### TASK DIRECTIONS
Set every entry down again exactly, excluding any pictures.

### DATA FOR REVIEW
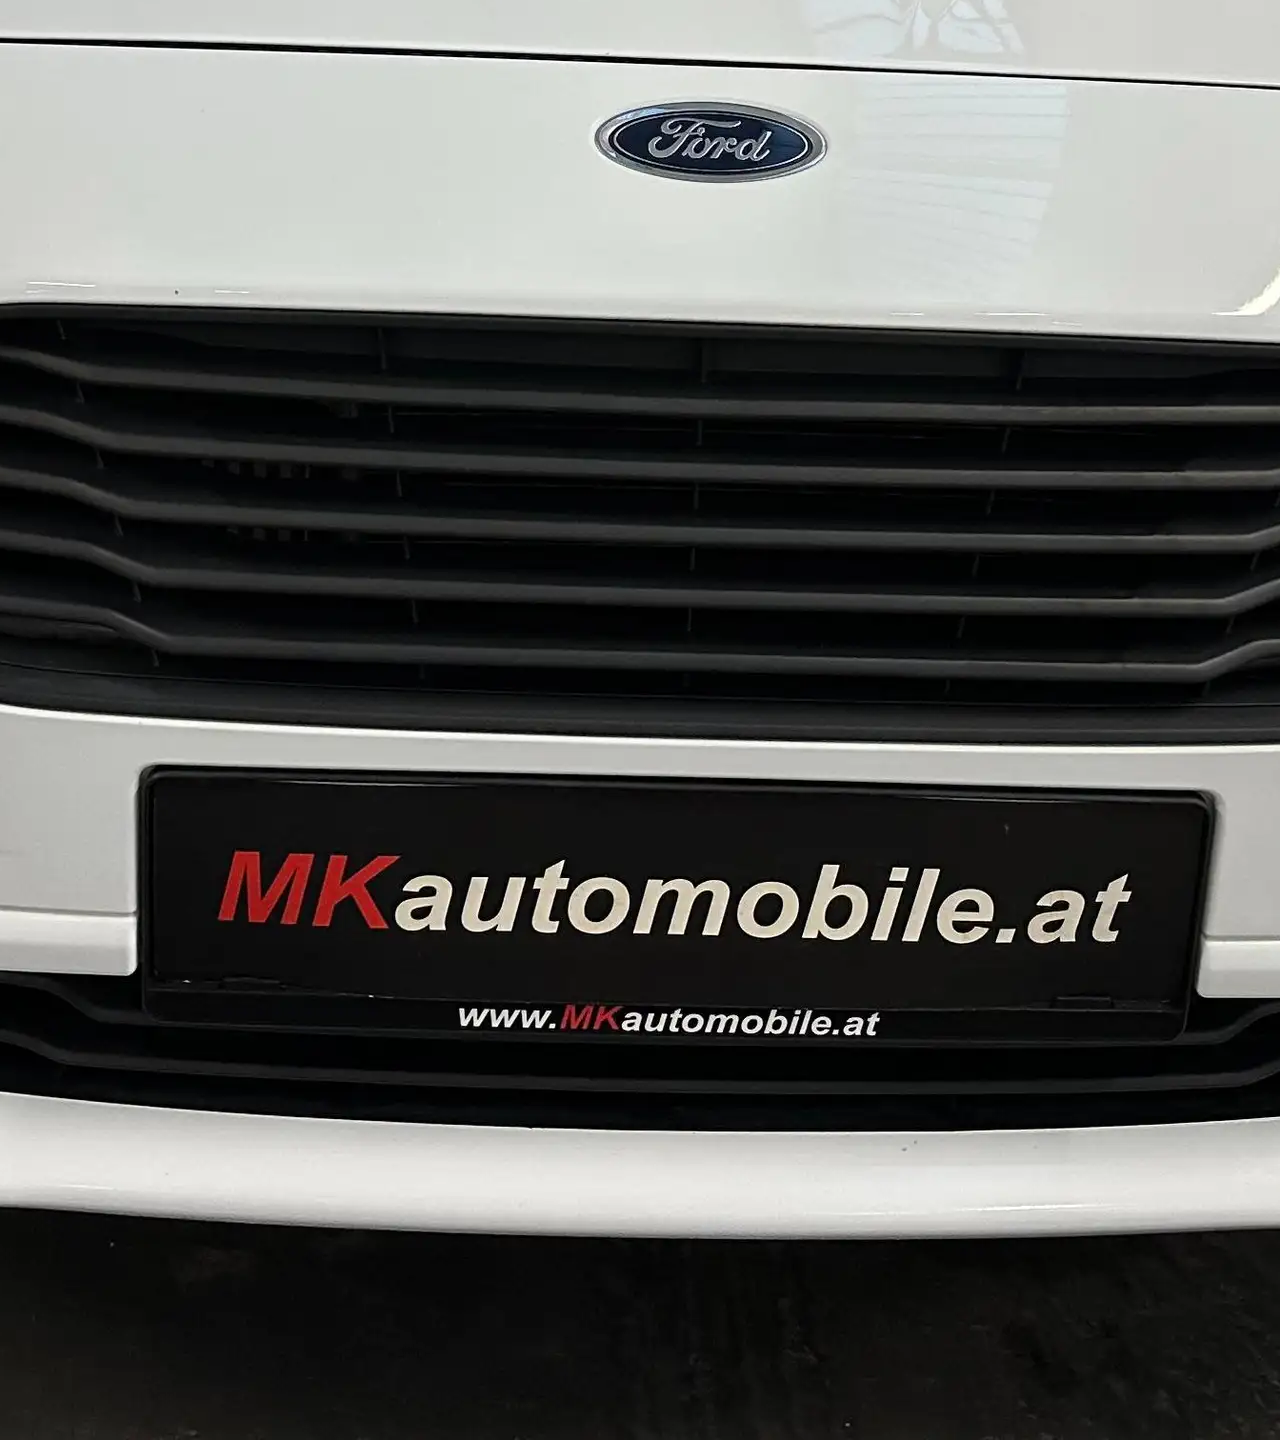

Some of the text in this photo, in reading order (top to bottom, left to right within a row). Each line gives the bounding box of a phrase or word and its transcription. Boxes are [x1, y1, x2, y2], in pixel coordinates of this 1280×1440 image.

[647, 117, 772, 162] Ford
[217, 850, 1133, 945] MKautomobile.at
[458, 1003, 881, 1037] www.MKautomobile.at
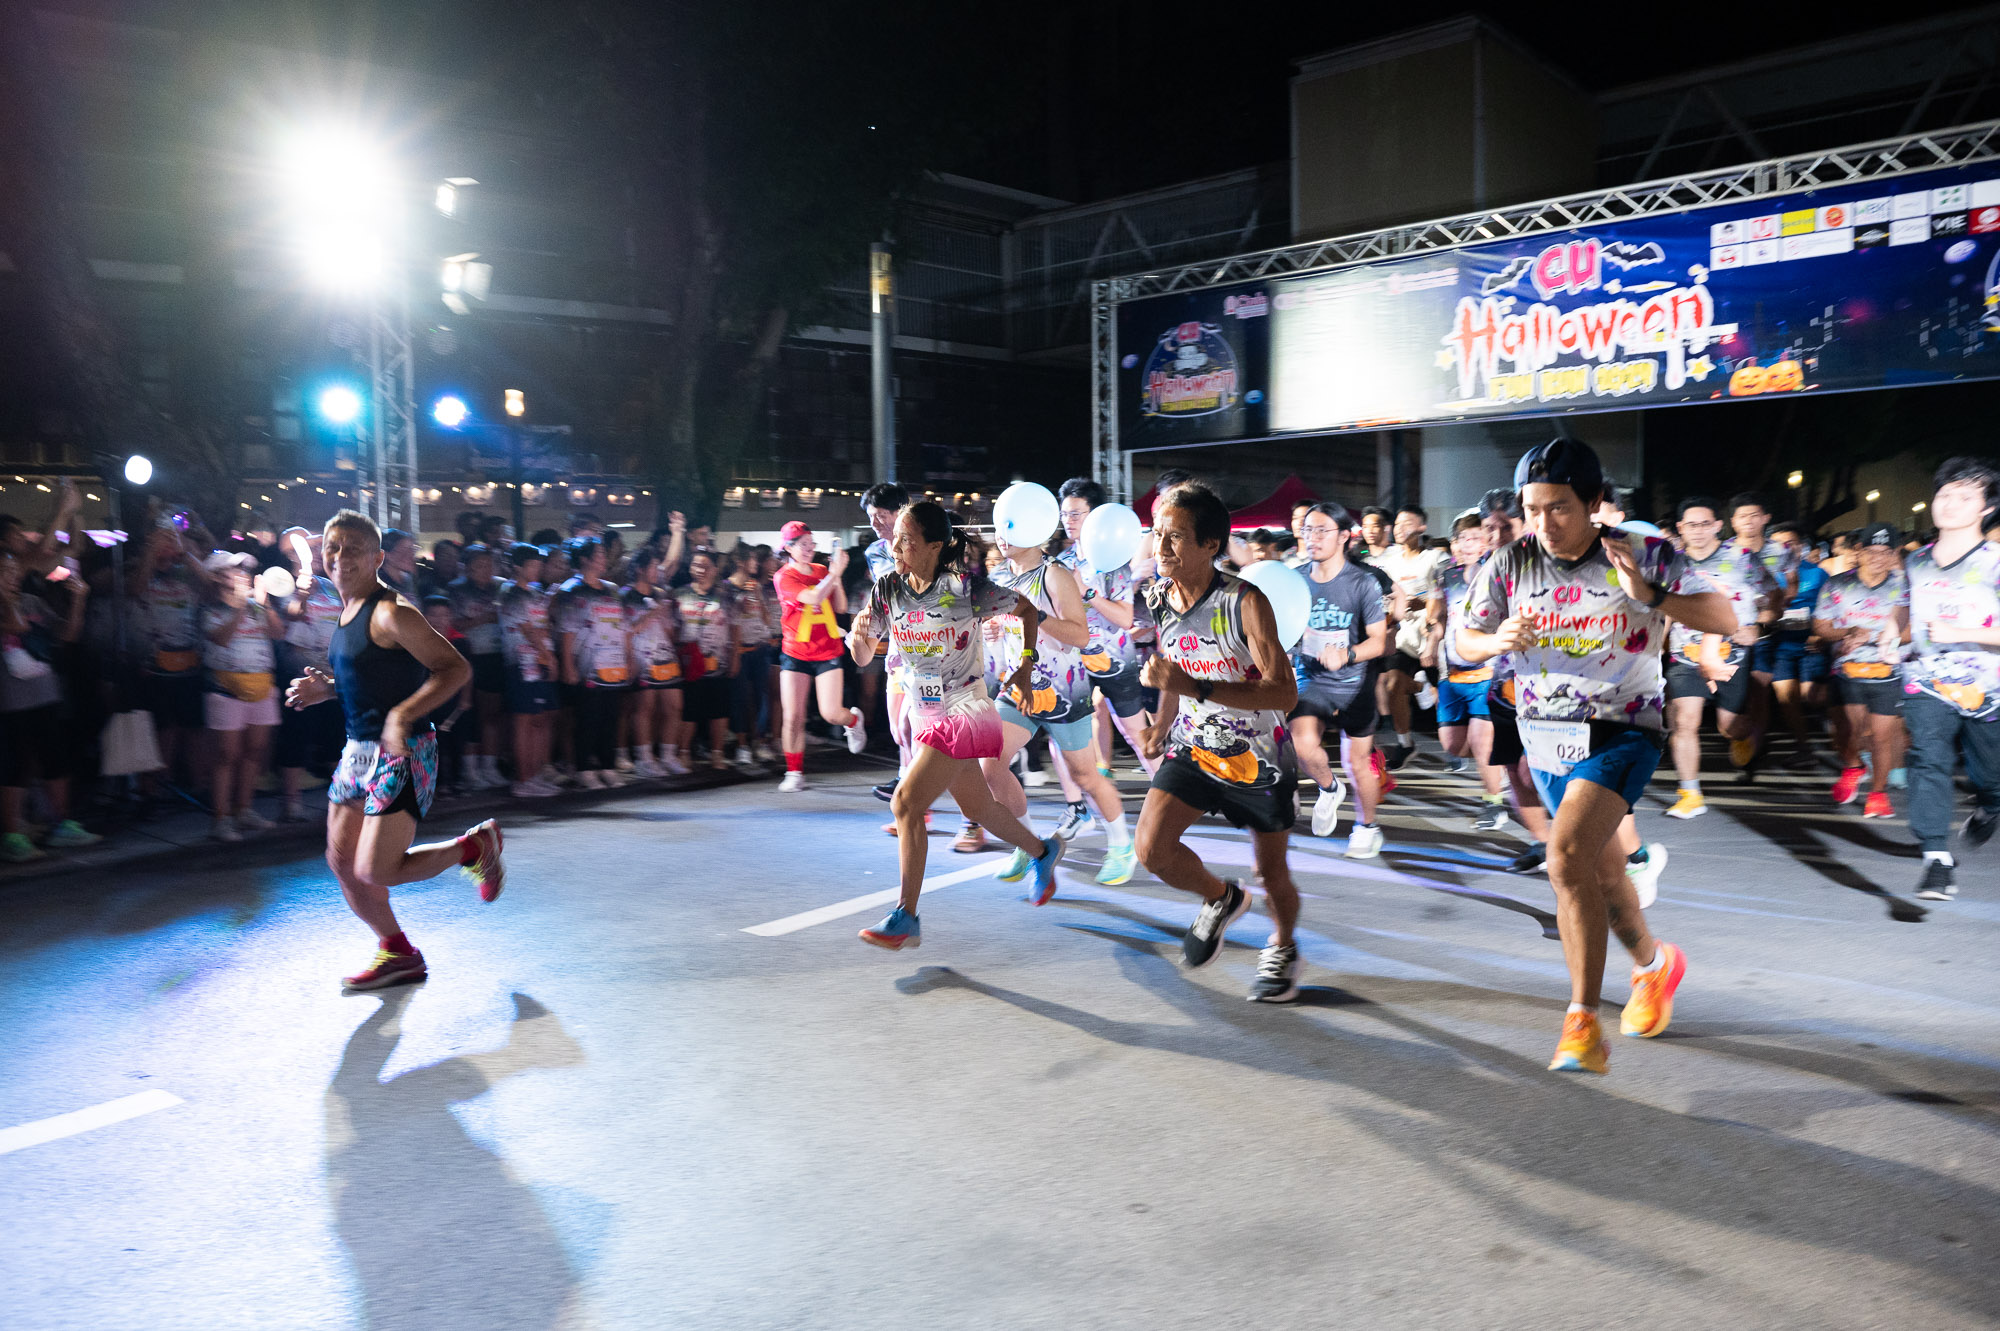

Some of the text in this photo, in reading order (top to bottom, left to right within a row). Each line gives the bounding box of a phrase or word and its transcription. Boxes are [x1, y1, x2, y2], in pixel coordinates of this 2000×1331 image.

### TASK ANSWER
Some of the text in this photo, in reading order (top to bottom, left to right within a row). Each line gives the bounding box of a phrase or word and its transcription. Boxes are [x1, y1, x2, y2], in pixel coordinates of this 1280×1440 image.

[647, 117, 772, 162] Ford
[217, 850, 1133, 945] MKautomobile.at
[458, 1003, 881, 1037] www.MKautomobile.at

Some of the text in this photo, in reading order (top to bottom, left to right within a row). Each line gives the bounding box of a phrase or word and its transcription. Boxes are [x1, y1, x2, y2], in pixel coordinates of this 2000×1331 image.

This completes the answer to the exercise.